BEGIN Material for this task

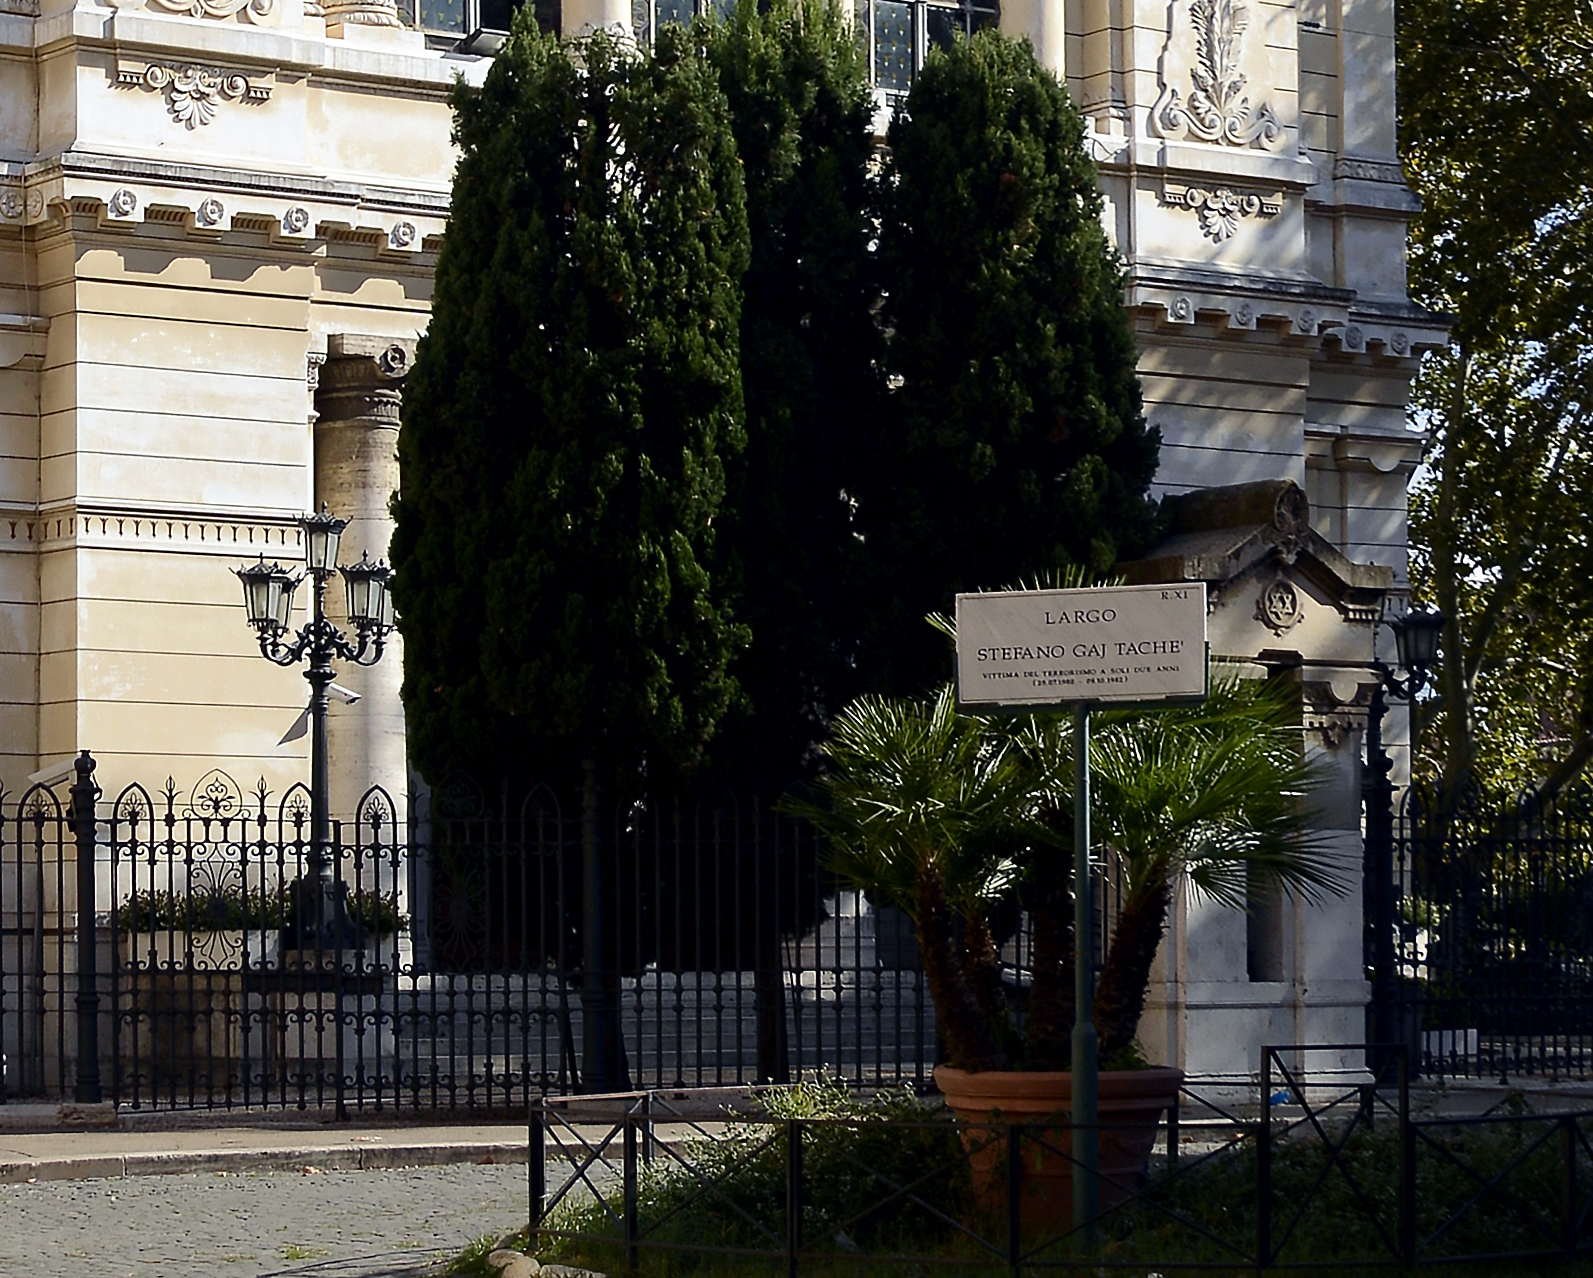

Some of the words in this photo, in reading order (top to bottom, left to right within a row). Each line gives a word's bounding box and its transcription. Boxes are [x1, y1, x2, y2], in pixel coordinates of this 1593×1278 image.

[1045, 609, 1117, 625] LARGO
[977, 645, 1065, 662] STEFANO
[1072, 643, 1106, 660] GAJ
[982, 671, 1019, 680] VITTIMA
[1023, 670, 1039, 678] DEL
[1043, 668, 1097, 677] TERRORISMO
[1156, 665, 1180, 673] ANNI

END Material for this task
BEGIN Material for this task

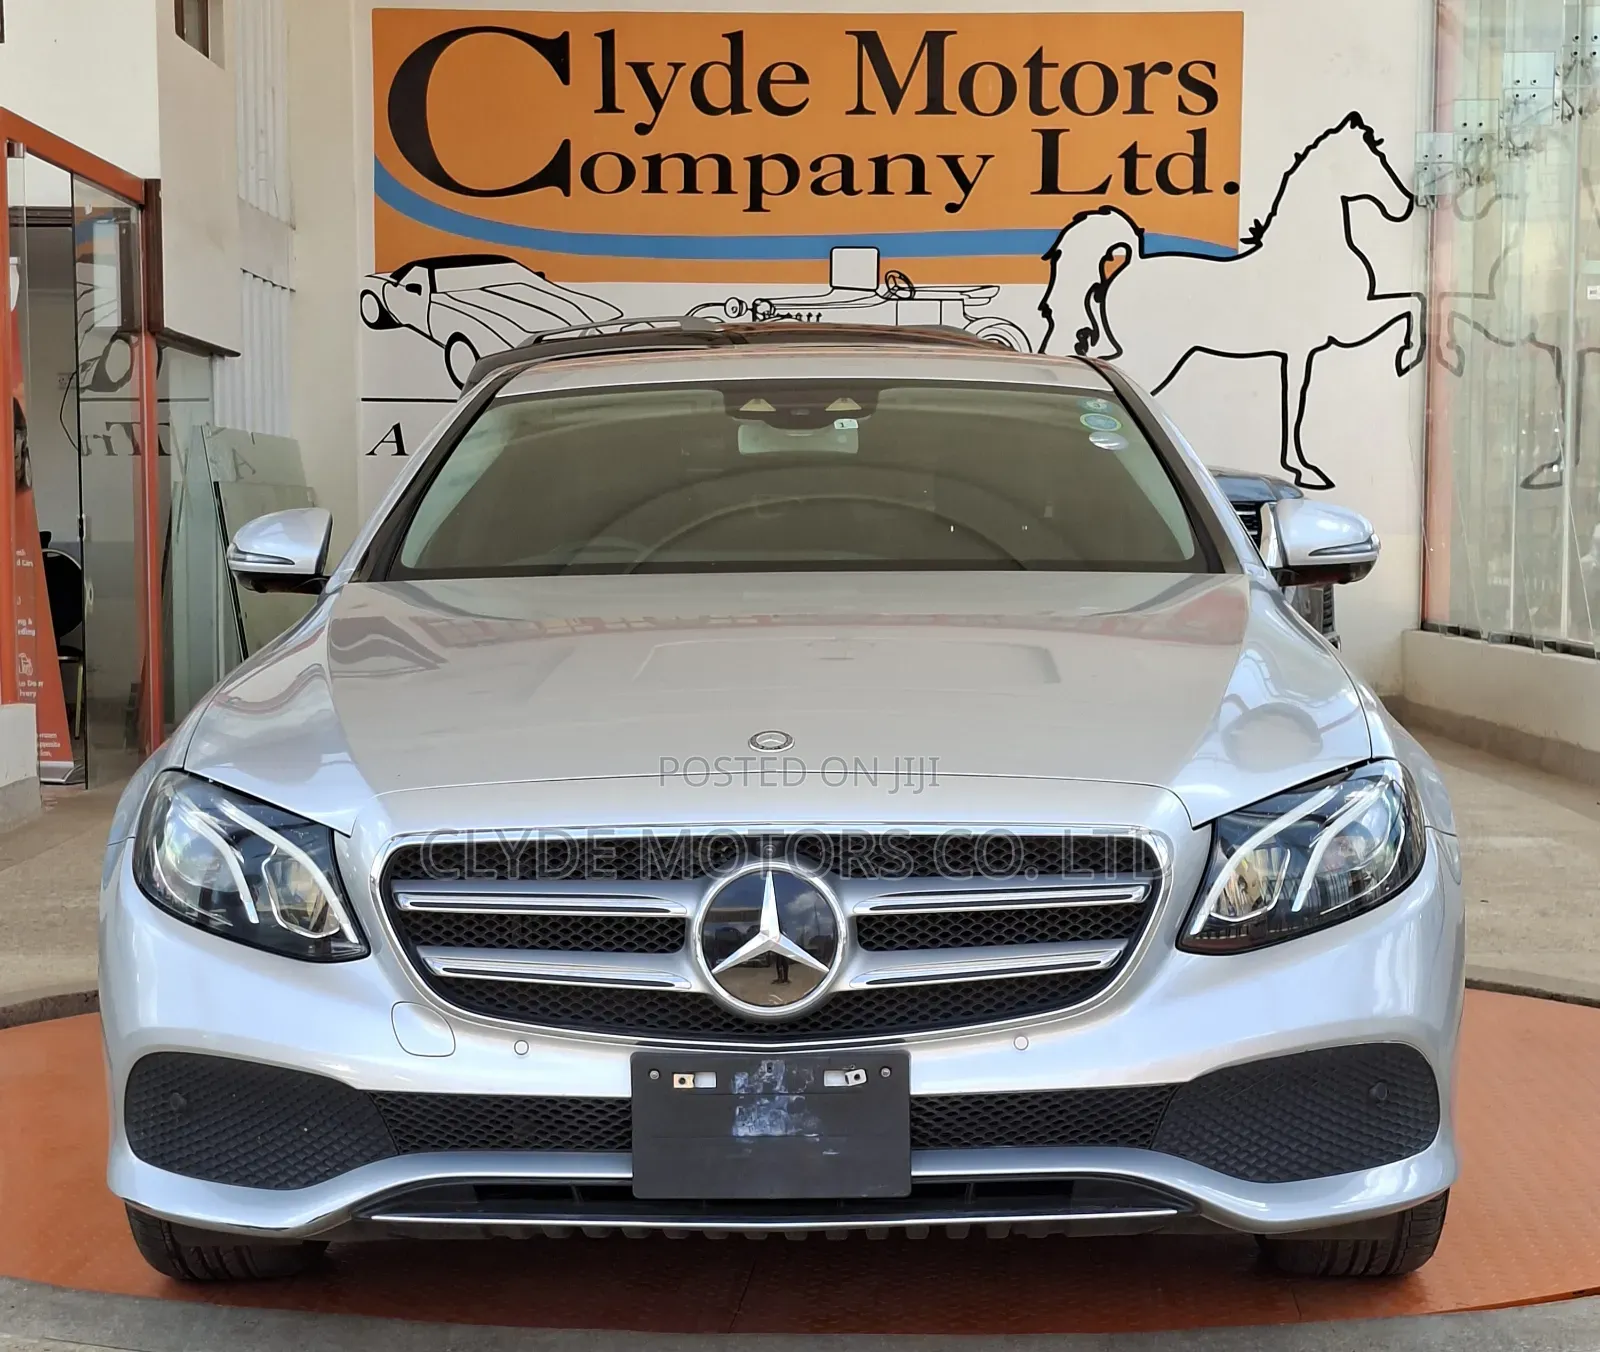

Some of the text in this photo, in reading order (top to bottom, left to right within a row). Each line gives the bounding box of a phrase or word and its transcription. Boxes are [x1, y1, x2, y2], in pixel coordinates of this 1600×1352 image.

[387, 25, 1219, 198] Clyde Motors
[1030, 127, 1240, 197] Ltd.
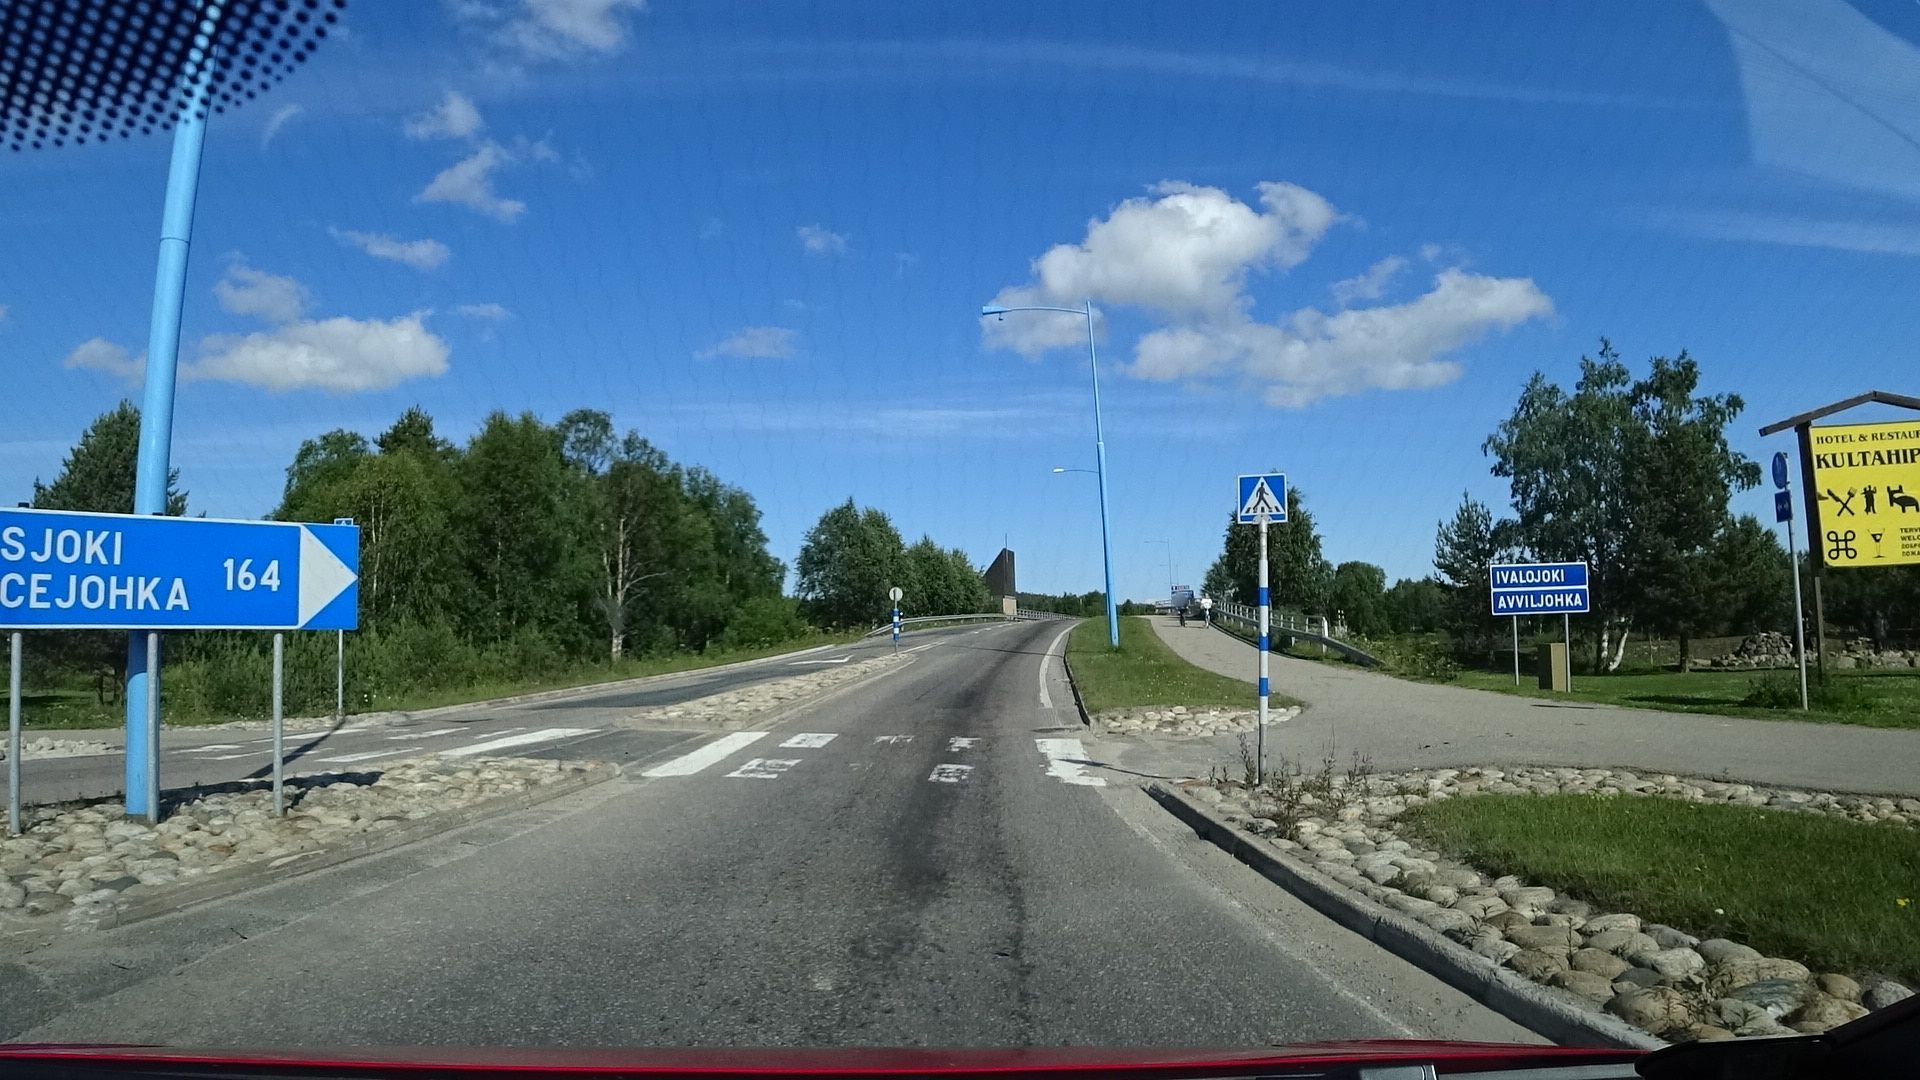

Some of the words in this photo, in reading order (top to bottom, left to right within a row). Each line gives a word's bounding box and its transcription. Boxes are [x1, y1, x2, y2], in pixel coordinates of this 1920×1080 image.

END Material for this task

Among the records above, locate the line containing "Some of the text" and the line containing "this 1920×1080 image.", then transcribe exactly the lines starting at the first and ending at the second, with no pictures.

Some of the text in this photo, in reading order (top to bottom, left to right within a row). Each line gives the bounding box of a phrase or word and its transcription. Boxes are [x1, y1, x2, y2], in pixel coordinates of this 1600×1352 image.

[387, 25, 1219, 198] Clyde Motors
[1030, 127, 1240, 197] Ltd.

Some of the words in this photo, in reading order (top to bottom, left to right within a row). Each line gives a word's bounding box and its transcription. Boxes are [x1, y1, x2, y2], in pixel coordinates of this 1920×1080 image.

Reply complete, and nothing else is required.